Also Read| Sequences And Series Class 11 Notes

Benefits of NCERT Solutions for Class 11 Maths Chapter 9 Miscellaneous Exercise:-

  • There are 32 questions in the miscellaneous exercise chapter 9 Class 11 which you can try to solve by yourself.
  • You can use Class 11 Maths chapter 9 miscellaneous exercise solutions when you are finding it difficult to solve miscellaneous problems.
  • Class 11 Maths chapter 9 miscellaneous solutions are designed by subject matter experts in a detailed manner that could be understood by an average student also.

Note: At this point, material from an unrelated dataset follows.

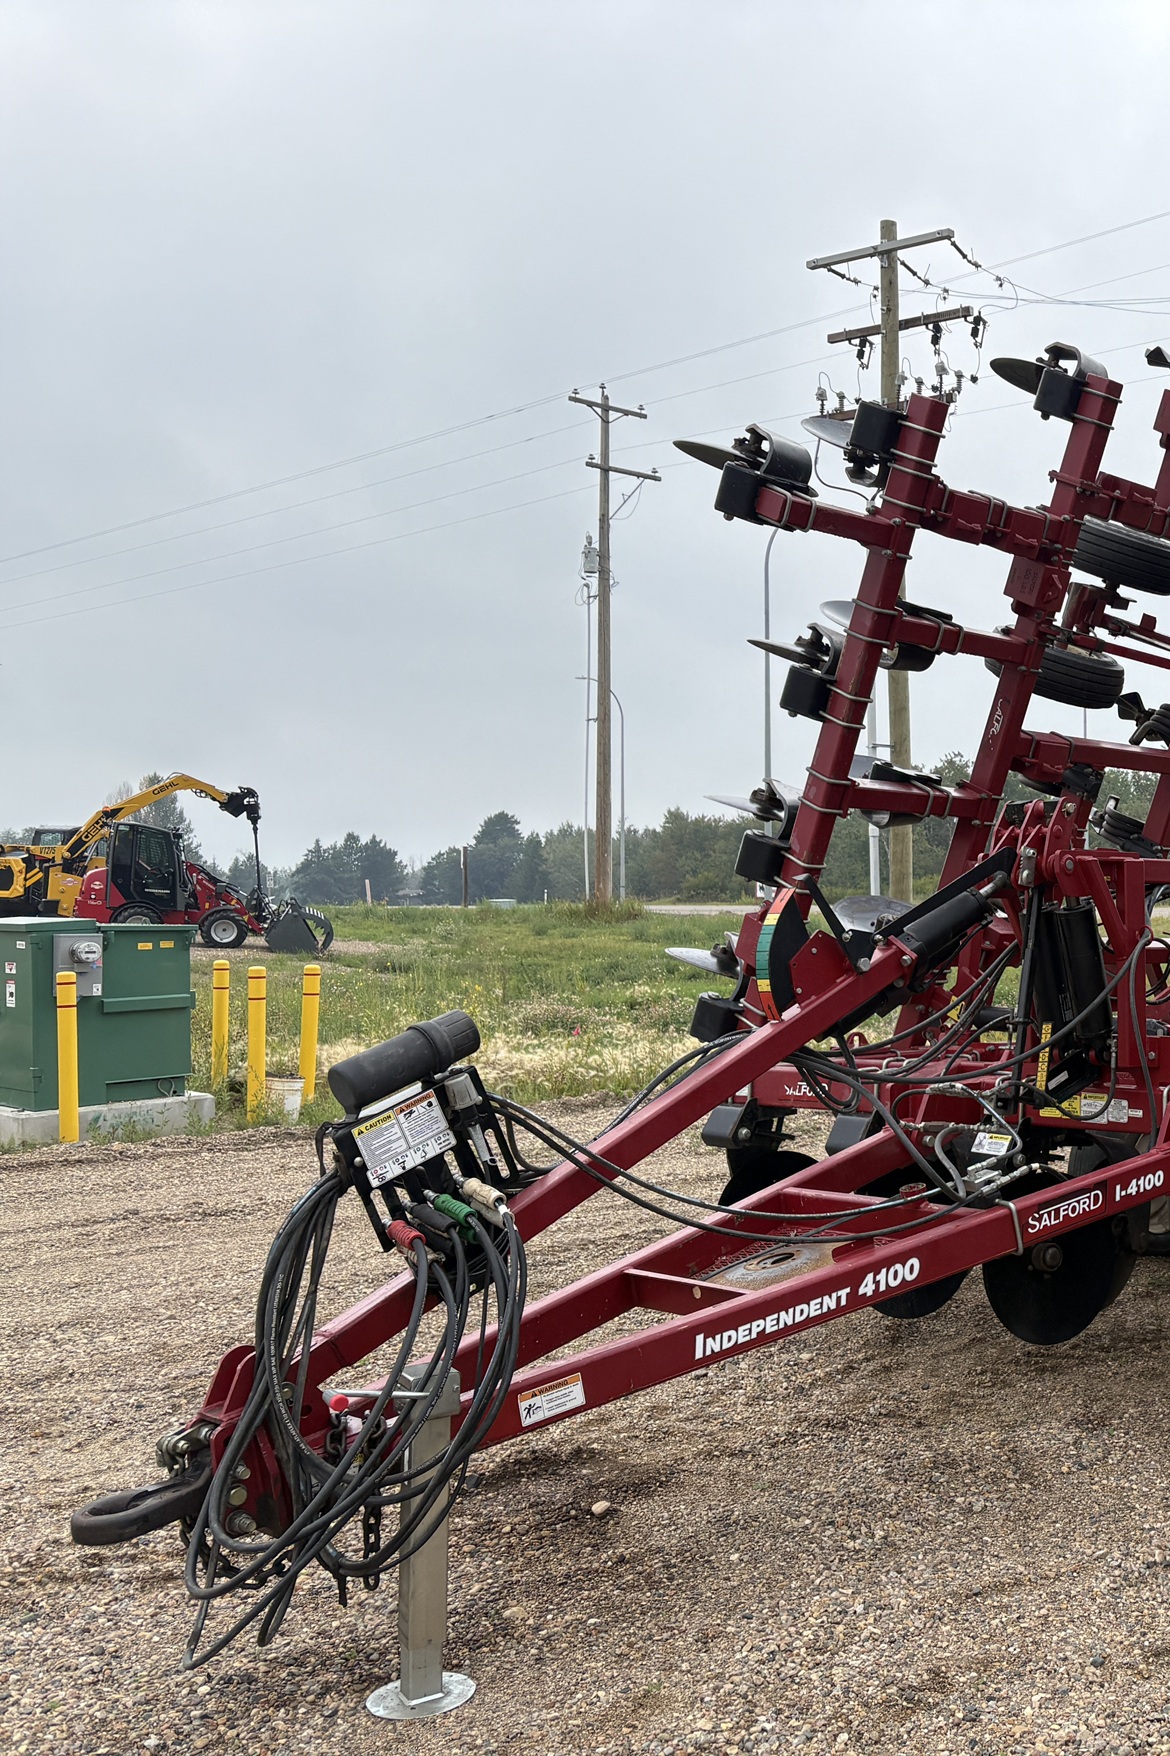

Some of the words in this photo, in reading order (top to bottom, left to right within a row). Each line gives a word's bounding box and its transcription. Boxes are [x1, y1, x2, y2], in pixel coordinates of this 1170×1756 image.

Key Features of Class 11 Maths ch 9 Miscellaneous Exercise Solutions

  • Comprehensive Approach: The miscellaneous exercise class 11 chapter 9 offers a thorough explanation of topics, ensuring a well-rounded understanding of Sequences and Series.
  • Stepwise Clarity: Each problem in Class 11 maths miscellaneous exercise chapter 9 is solved with step-by-step solutions, facilitating a logical and clear progression of concepts for Class 11 students.
  • Accessible Language: The class 11 chapter 9 miscellaneous exercise solutions are presented in clear and concise language, making intricate mathematical concepts more accessible for students in Chapter 9 of Class 11 Maths.
  • Variety of Problems: The Miscellaneous Exercise in Class 11 Maths Chapter 9 provides a diverse range of problems, catering to different difficulty levels and scenarios, allowing for a comprehensive understanding.
  • Free PDF Access: Solutions for Chapter 9 of Class 11 Maths Miscellaneous Exercise are accessible in a free PDF format, providing students with easy access to study materials according to their convenience.

Also see-

NCERT Solutions of Class 11 Subject Wise

Subject Wise NCERT Exampler Solutions

Happy learning!!!

Frequently Asked Questions (FAQs)

1. What is the meaning of sequence ?

Sequence means an arrangement of numbers in a definite order according to some rule.

2. What is the meaning of finite sequence ?

The finite sequence is s sequence containing a finite number of terms.

3. What is the meaning of infinite sequence ?

The infinite sequence is s sequence containing an infinite number of terms.

4. What is the meaning of series ?

If the terms of a sequence are expressed as the sum of terms then it is called a series.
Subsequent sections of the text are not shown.